▶ ACTIVITY: Please transcribe the listing that follows exactly; images are to be excluded.

▶ SOURCE MATERIAL:
_ _ _
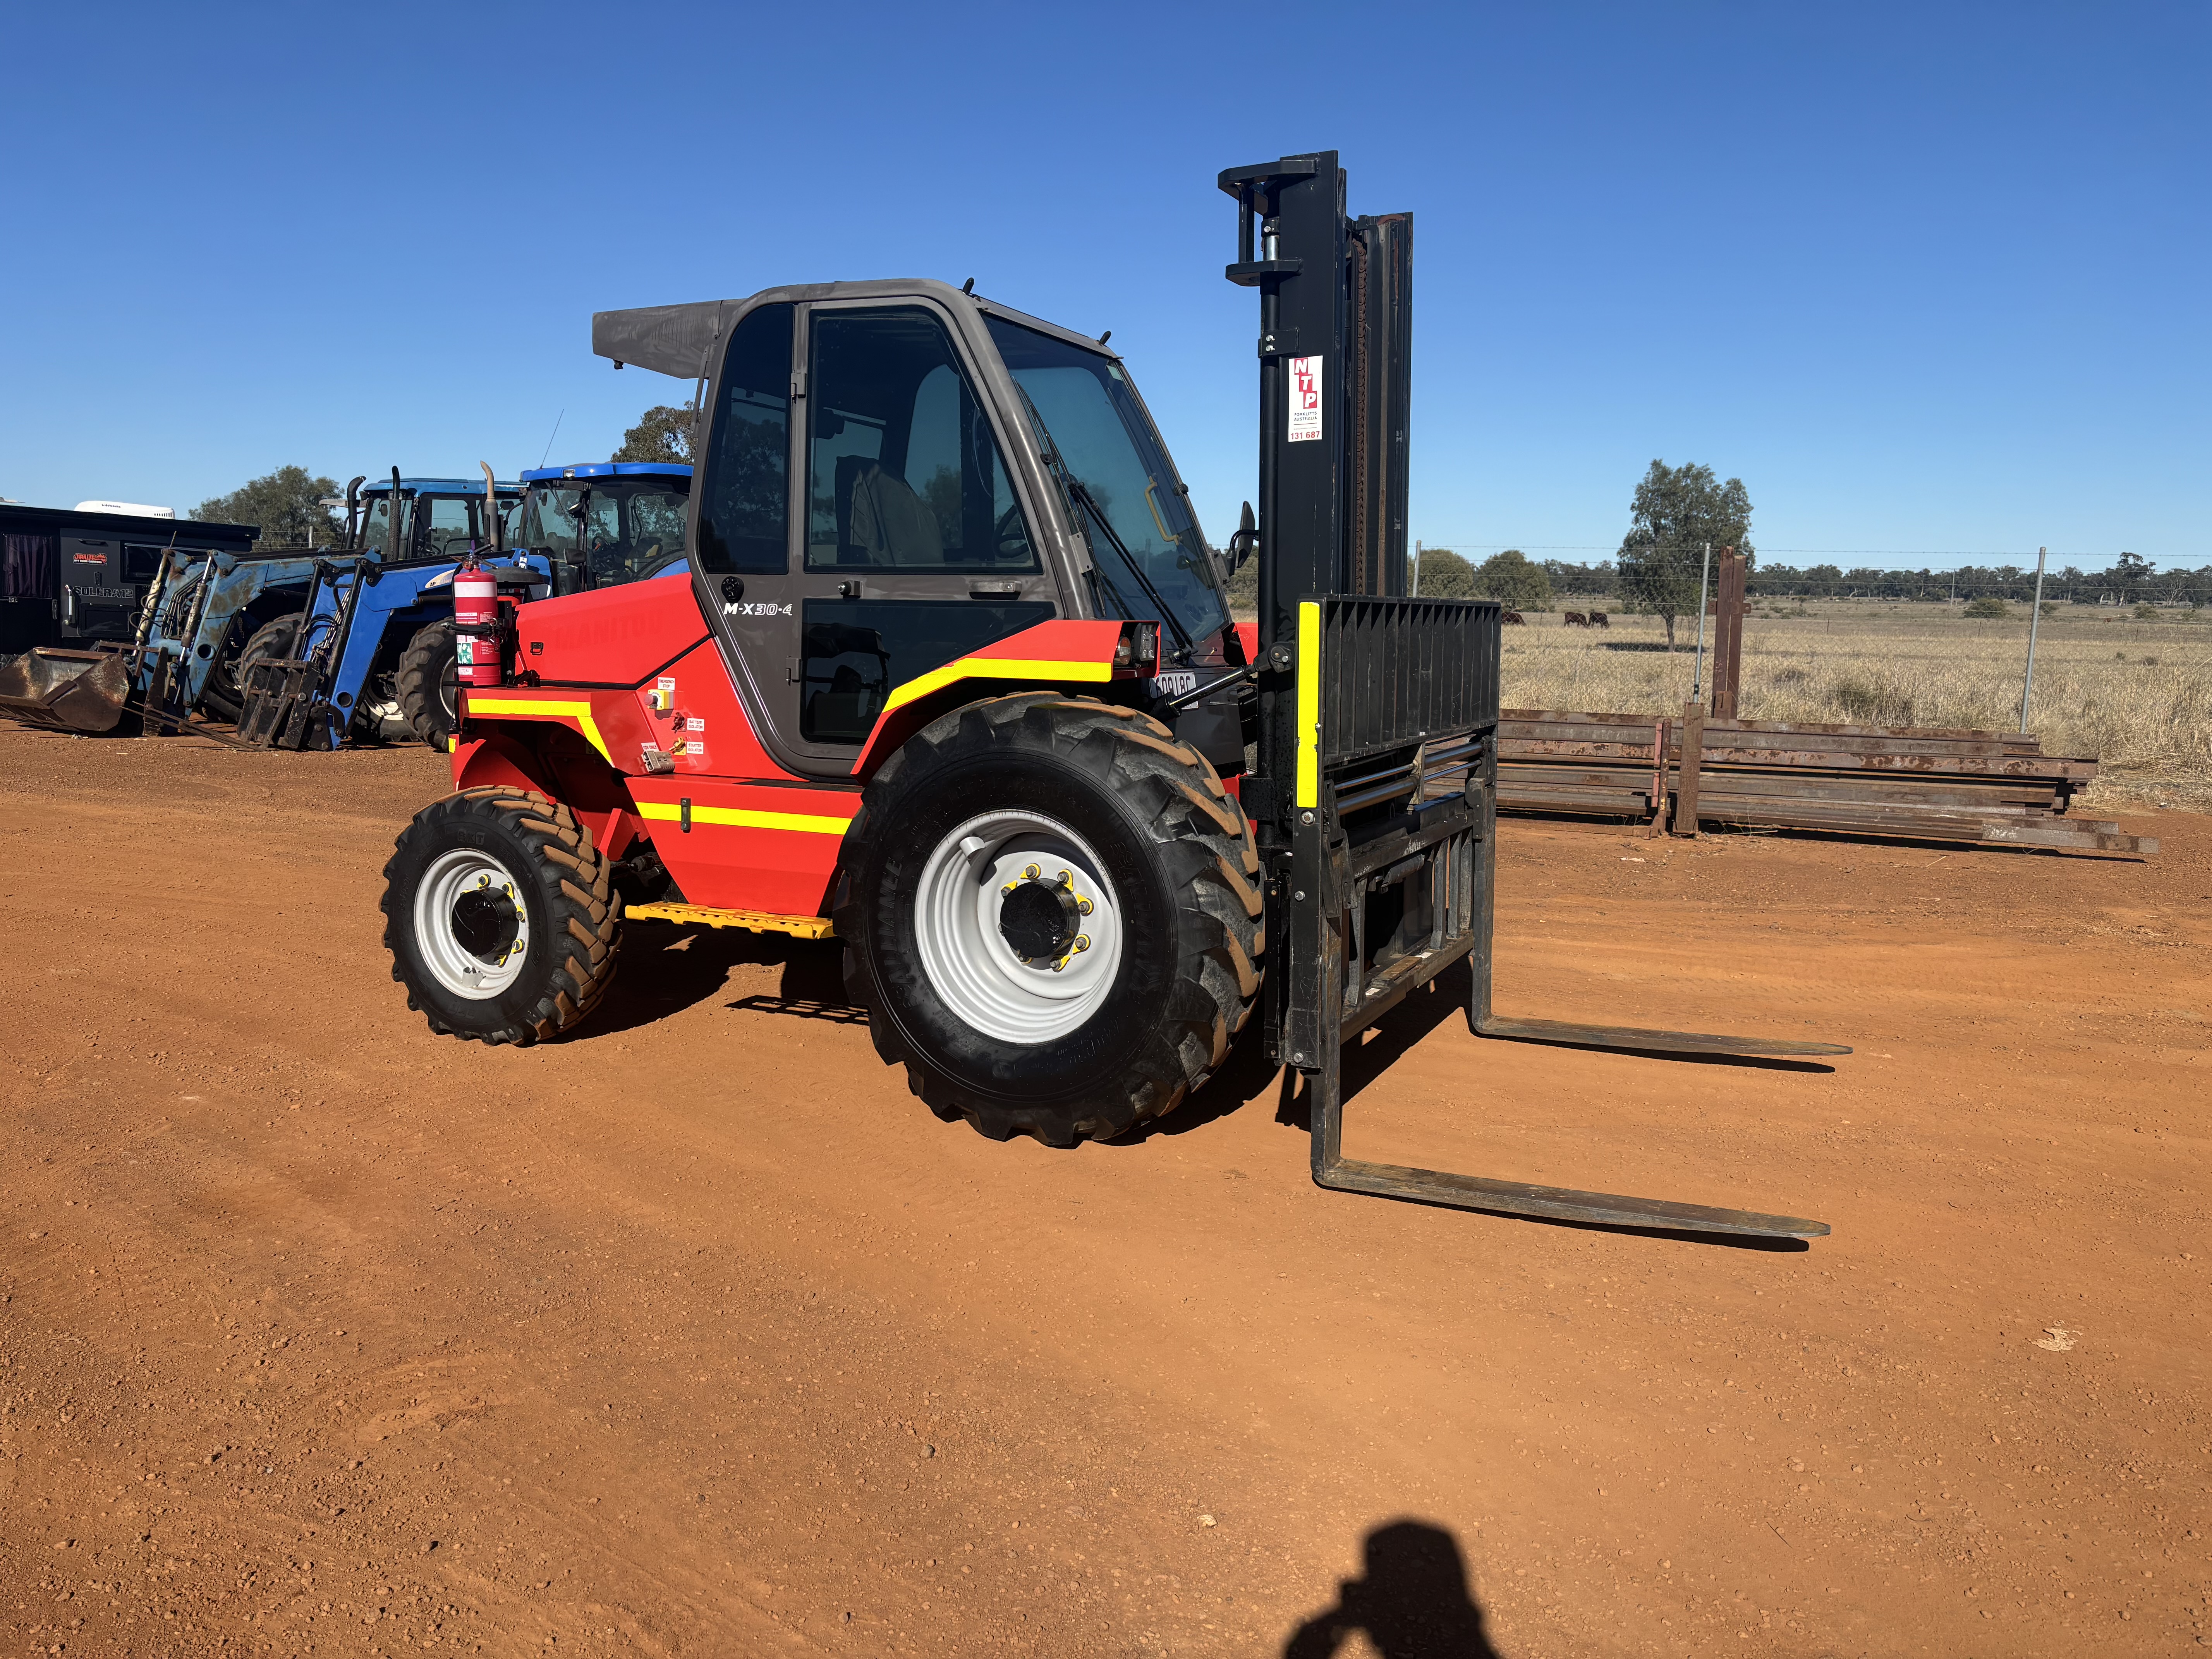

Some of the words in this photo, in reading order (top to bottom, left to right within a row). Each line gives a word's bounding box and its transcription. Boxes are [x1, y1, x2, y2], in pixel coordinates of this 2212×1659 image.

[1295, 359, 1316, 408] NTP
[1306, 431, 1320, 439] 687
[878, 857, 913, 983] ALLIANCE
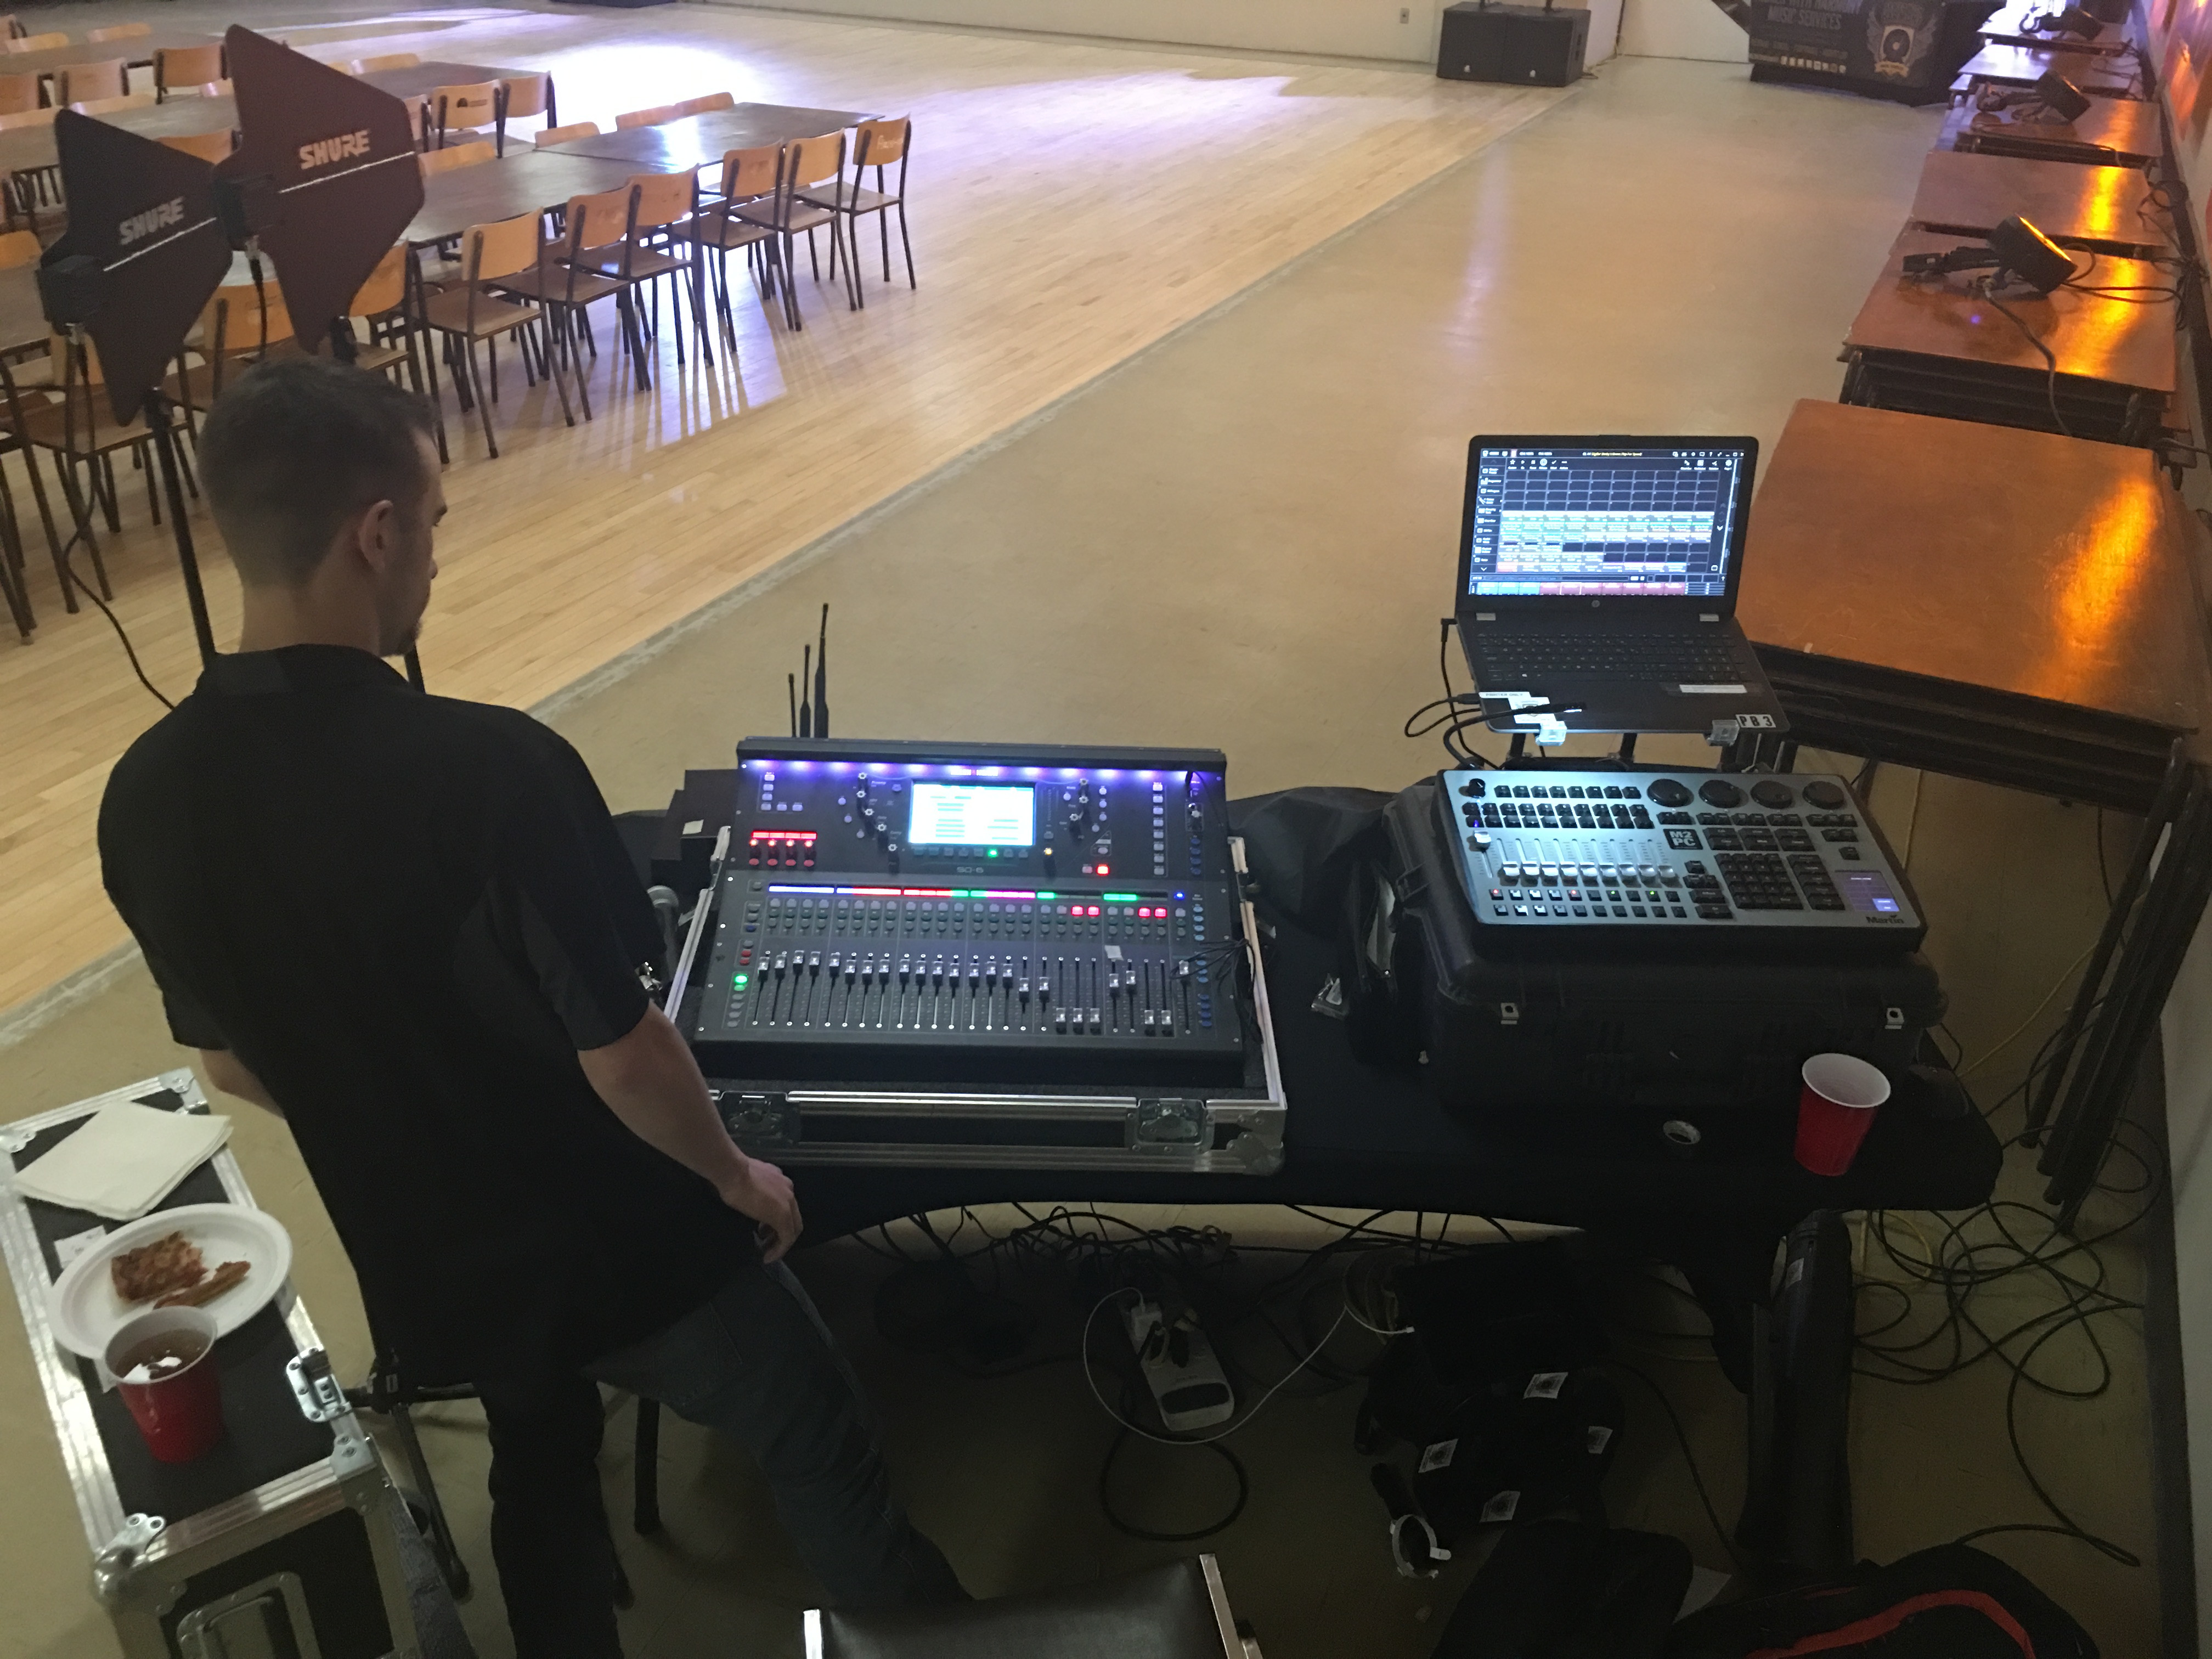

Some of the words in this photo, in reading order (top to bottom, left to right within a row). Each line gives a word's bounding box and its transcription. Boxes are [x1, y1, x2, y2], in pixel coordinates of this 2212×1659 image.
_ _ _
▶ TASK ANSWER:
Some of the words in this photo, in reading order (top to bottom, left to right within a row). Each line gives a word's bounding box and its transcription. Boxes are [x1, y1, x2, y2], in pixel coordinates of this 2212×1659 image.

[1295, 359, 1316, 408] NTP
[1306, 431, 1320, 439] 687
[878, 857, 913, 983] ALLIANCE

Some of the words in this photo, in reading order (top to bottom, left to right within a row). Each line gives a word's bounding box and its transcription. Boxes are [x1, y1, x2, y2], in pixel coordinates of this 2212×1659 image.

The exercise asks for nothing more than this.